第3話 騎士道とは


 アーノルドは自分の疑念を、団長室に駆け込んでヘイグに相談した。


 以前のアーノルドなら気付いても、まあいいかと放置するか、自己判断で適当に行動して状況を悪化させただろうが、カートの行いを見習って、行動の前にヘイグの判断をまず仰ぐようになっていた。



 そばかす少年の疑念にヘイグは考える。


 カートからの報告で団員の様子を確認し行動を精査した。皆勤勉で、裏切りの素養は見当たらず手詰まりだったが、騎士団員そのものに裏切り者がいるのではないとしたら納得だ。
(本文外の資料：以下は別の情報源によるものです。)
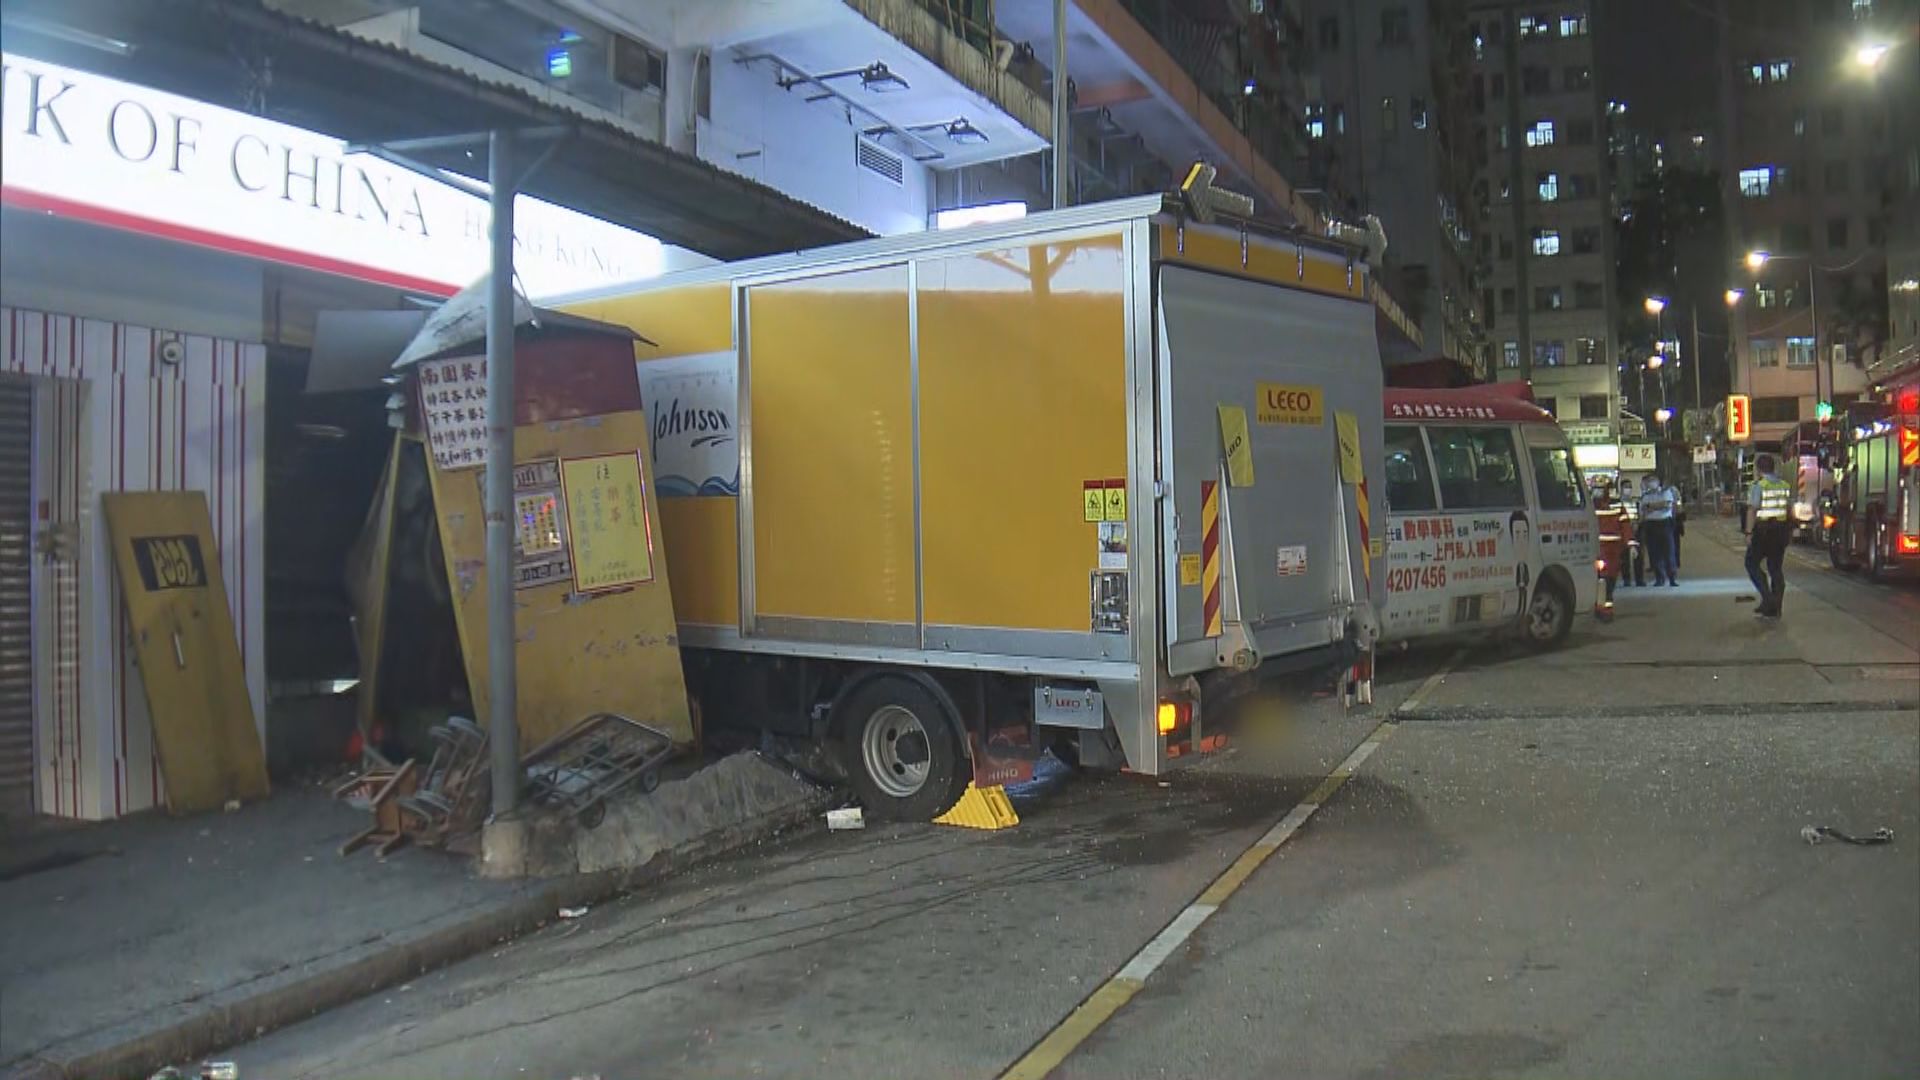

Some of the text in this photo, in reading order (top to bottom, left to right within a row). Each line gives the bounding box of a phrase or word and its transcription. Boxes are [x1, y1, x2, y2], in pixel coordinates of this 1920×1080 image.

[4, 66, 430, 237] K OF CHINA
[653, 398, 731, 463] Johnson
[1268, 389, 1311, 412] LEEO
 闇賭場に出入りしている貴族の中に、デルトモント公爵がいる事は報告を受けていた。アーノルドにはショックだろうが、可能性は高い。


 そしてこれを利用する事も思いついた。


「試しに、公爵に虚偽の内容を伝えてみよう」


 ヘイグは手早く作戦をまとめアーノルドに伝えると、少年は渋い顔でその命令に頷く。


 もしこの虚偽の情報に敵が踊らされたとしたら、父親が情報漏洩の犯人だという事が判明してしまう。明らかにしたくない気持ちも芽生えた。


 公爵が失脚したら、自分はどうなるだろう。


 この身分も、周りの崇敬も、家という後ろ盾があってこそだから失うのは怖い。庶民だと嘲った人々からの仕返しがあるかも。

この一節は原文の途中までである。